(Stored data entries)
□ □ □ □
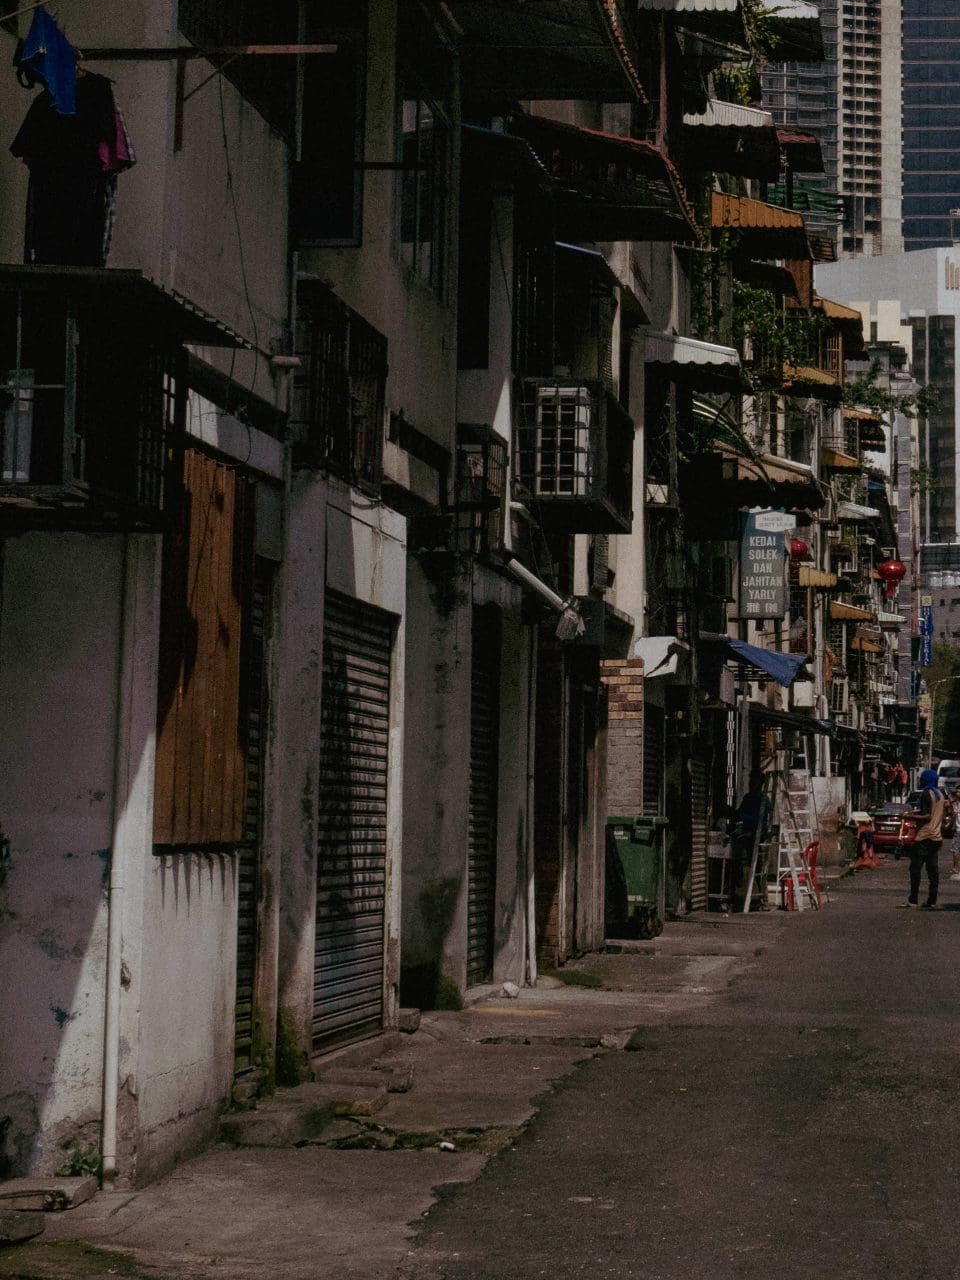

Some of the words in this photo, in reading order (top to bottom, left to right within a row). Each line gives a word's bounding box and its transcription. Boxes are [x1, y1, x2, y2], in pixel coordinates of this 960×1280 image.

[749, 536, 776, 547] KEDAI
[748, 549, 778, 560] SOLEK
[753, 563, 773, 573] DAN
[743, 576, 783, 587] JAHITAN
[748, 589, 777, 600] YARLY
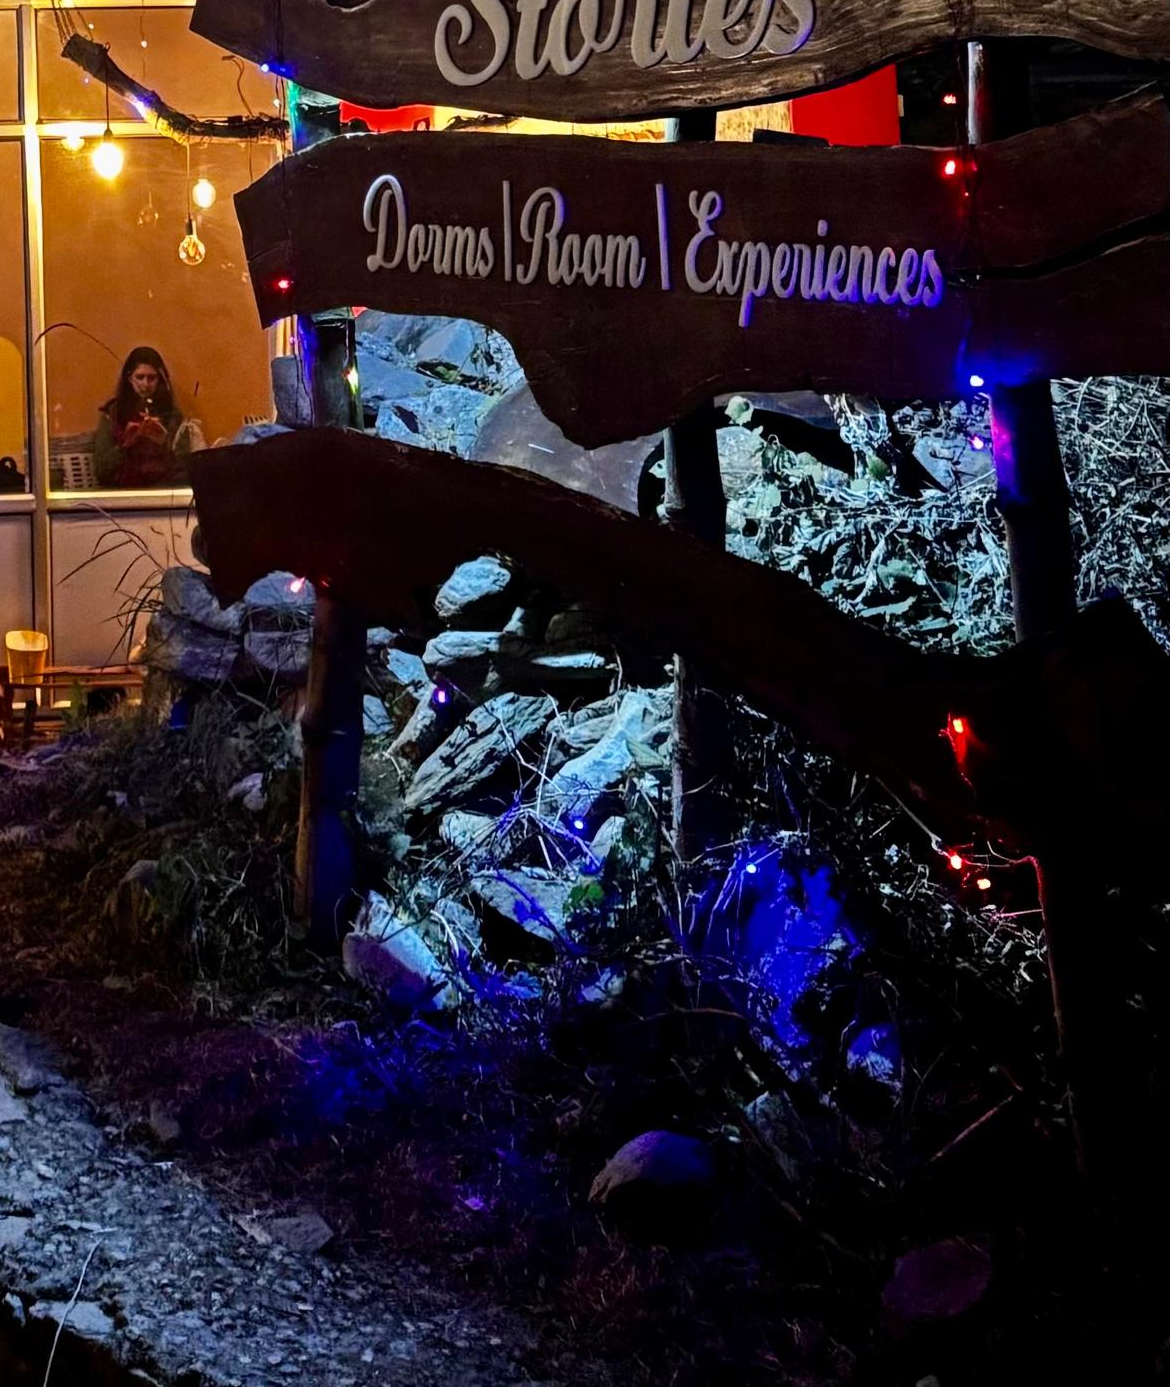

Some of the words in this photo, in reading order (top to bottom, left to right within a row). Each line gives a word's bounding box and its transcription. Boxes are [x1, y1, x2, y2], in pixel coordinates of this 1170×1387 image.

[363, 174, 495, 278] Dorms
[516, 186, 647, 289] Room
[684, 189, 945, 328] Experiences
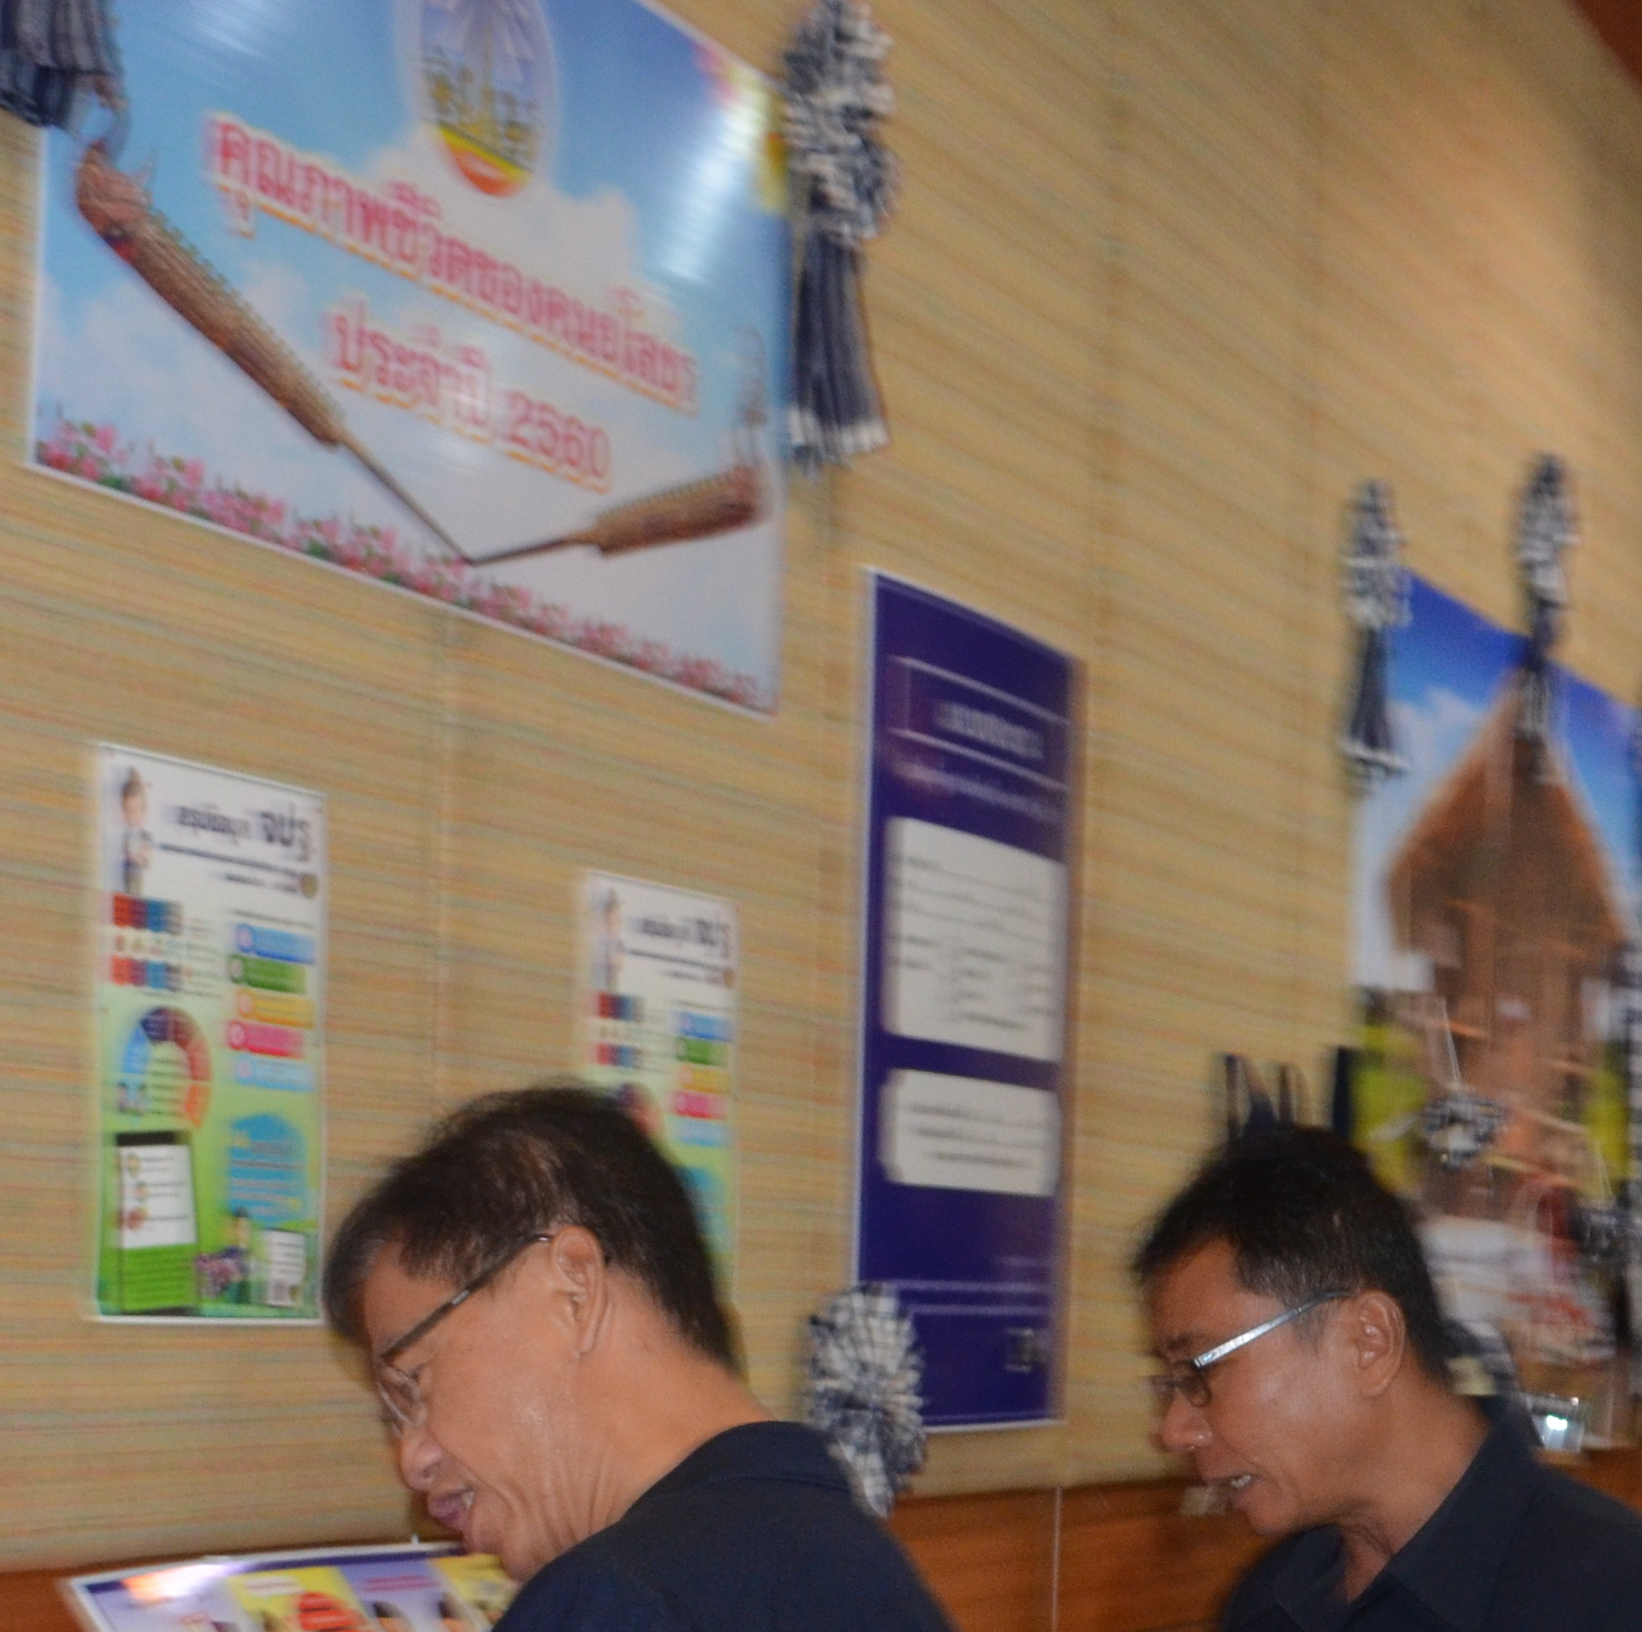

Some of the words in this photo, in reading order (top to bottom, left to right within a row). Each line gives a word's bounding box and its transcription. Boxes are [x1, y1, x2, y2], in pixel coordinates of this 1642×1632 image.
□ □ □ □
_WHAT THE EXERCISE ASKS:_
Transcribe the records above exactly, leaving every picture out of the copy.

_EXERCISE SOLUTION:_
Some of the words in this photo, in reading order (top to bottom, left to right within a row). Each line gives a word's bounding box and its transcription. Boxes are [x1, y1, x2, y2], in pixel coordinates of this 960×1280 image.

[749, 536, 776, 547] KEDAI
[748, 549, 778, 560] SOLEK
[753, 563, 773, 573] DAN
[743, 576, 783, 587] JAHITAN
[748, 589, 777, 600] YARLY

Some of the words in this photo, in reading order (top to bottom, left to right within a row). Each line gives a word's bounding box and its transcription. Boxes are [x1, y1, x2, y2], in pixel coordinates of this 1170×1387 image.

[363, 174, 495, 278] Dorms
[516, 186, 647, 289] Room
[684, 189, 945, 328] Experiences

Some of the words in this photo, in reading order (top to bottom, left to right within a row). Each line gives a word's bounding box and its transcription. Boxes are [x1, y1, x2, y2], in pixel coordinates of this 1642×1632 image.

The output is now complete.